Isabelle Huppert: “Cancel culture? Giusto dibattito ma un aspetto è superfluo. Non sono antipatica inseguo un desiderio”. Isabelle Huppert sulla cancel culture e non solo, la 70enne attrice francese, tra le più premiate della storia del cinema, si racconta in una intervista a ‘Io Donna’. Ve ne proponiamo alcuni passaggi.
[…] All’apertura generata dalla liberazione della parola si contrappone la chiusura della “cancel culture”. La influenza il dibattito in corso?
“È un dibattito interessante, ma trovo che si spinga troppo in là se si arriva alla conclusione che non si possono più guardare i film di Godard o non si può più mettere in scena Cechov.

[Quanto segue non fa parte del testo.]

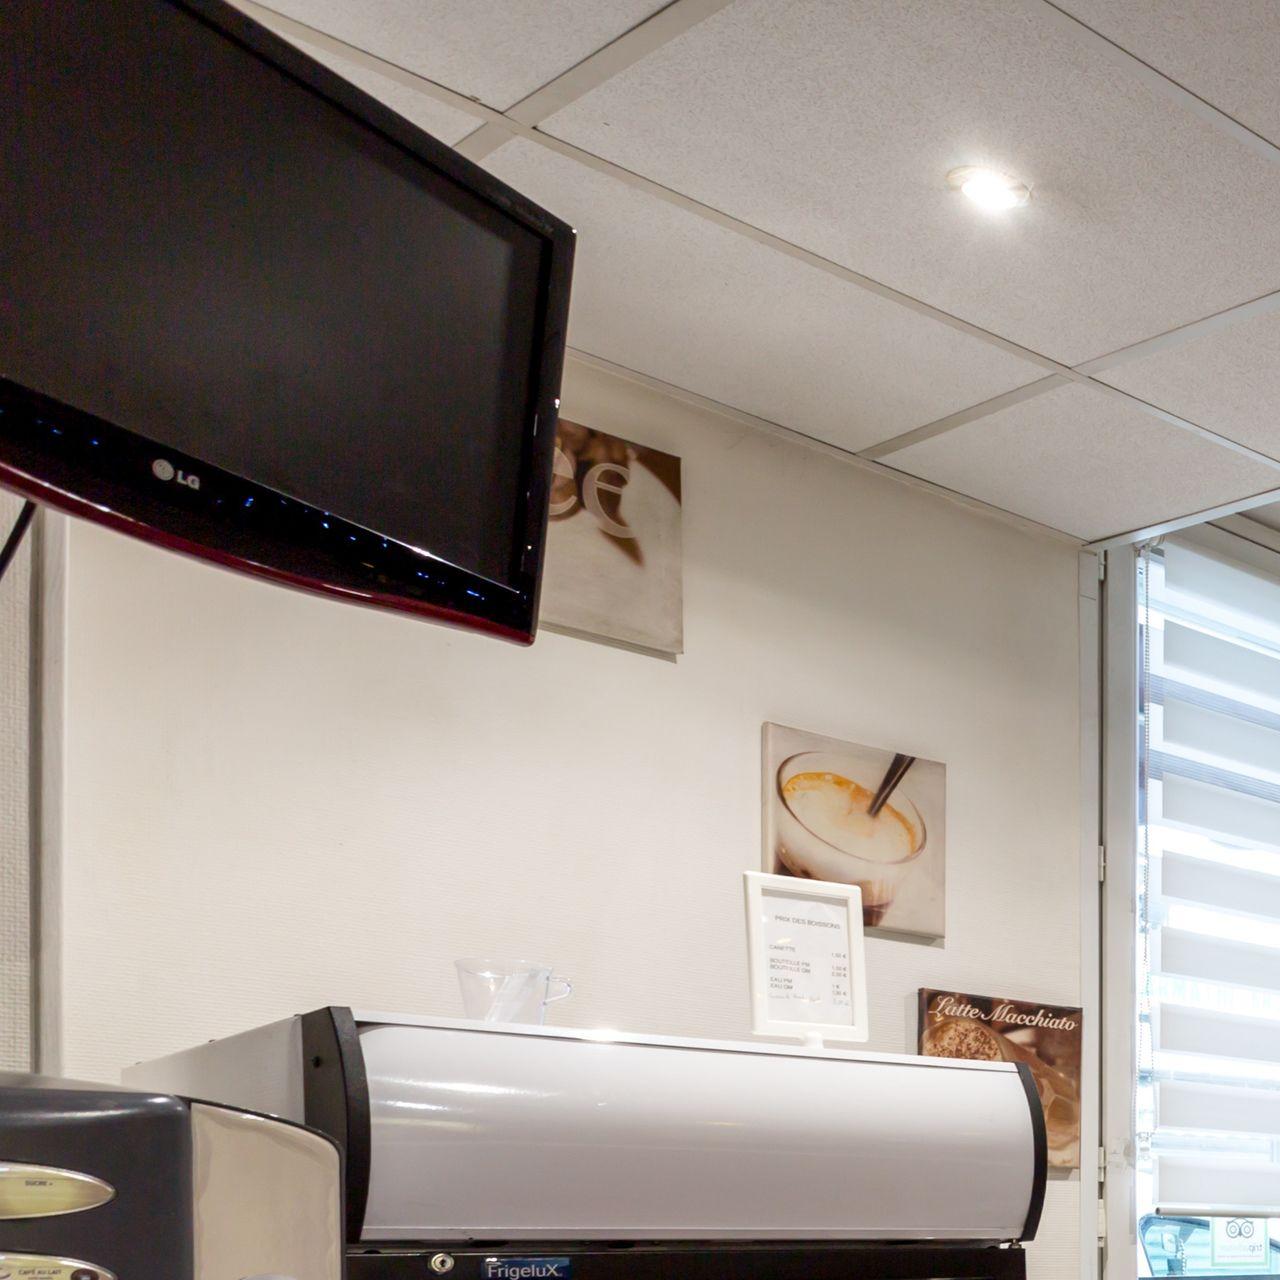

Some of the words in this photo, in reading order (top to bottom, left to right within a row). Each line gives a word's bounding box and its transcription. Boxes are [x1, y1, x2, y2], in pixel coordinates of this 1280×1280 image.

La questione andava aperta, ma non si può mettere tutto in discussione così. Io porto Cechov a Taiwan e ne sono molto contenta”.
[…] Lei sa meglio di tutti noi quale sia il potere del cinema sull’immaginario. Ha riflettuto sui contenuti politici della Syndacaliste in un momento in cui il caso viene riaperto sui giornali e il conflitto sociale è infuocato?

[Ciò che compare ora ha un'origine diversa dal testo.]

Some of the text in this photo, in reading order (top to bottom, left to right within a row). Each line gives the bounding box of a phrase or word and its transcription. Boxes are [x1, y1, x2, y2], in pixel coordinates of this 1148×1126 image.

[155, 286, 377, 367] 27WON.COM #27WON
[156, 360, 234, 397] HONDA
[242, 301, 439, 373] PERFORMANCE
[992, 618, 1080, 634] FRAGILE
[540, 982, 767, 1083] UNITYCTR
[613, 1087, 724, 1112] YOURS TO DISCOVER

“No, ho certamente pensato che era una storia ispirata a eventi reali. Ma il cinema è più importante di tutto, anche della politica, per questo sono benvenute le zone d’ombra. Altrimenti avrebbero fatto un documentario e non avrebbero avuto bisogno di me. A me interessava prendere la storia vera, la persona vera e trasformarli in puri oggetti cinematografici. Questa donna per me non è una femminista, non è un politico, non è un simbolo, vuole “solo” salvare i posti di lavoro di 50mila persone. Che è comunque un bel po’! Chiaramente il contesto è ancora più bruciante ora con tutto il dibattito sul nucleare in Francia, ma non è questo che mi interessa”.
Anche qui ci si interroga sui contorni della “vittima”.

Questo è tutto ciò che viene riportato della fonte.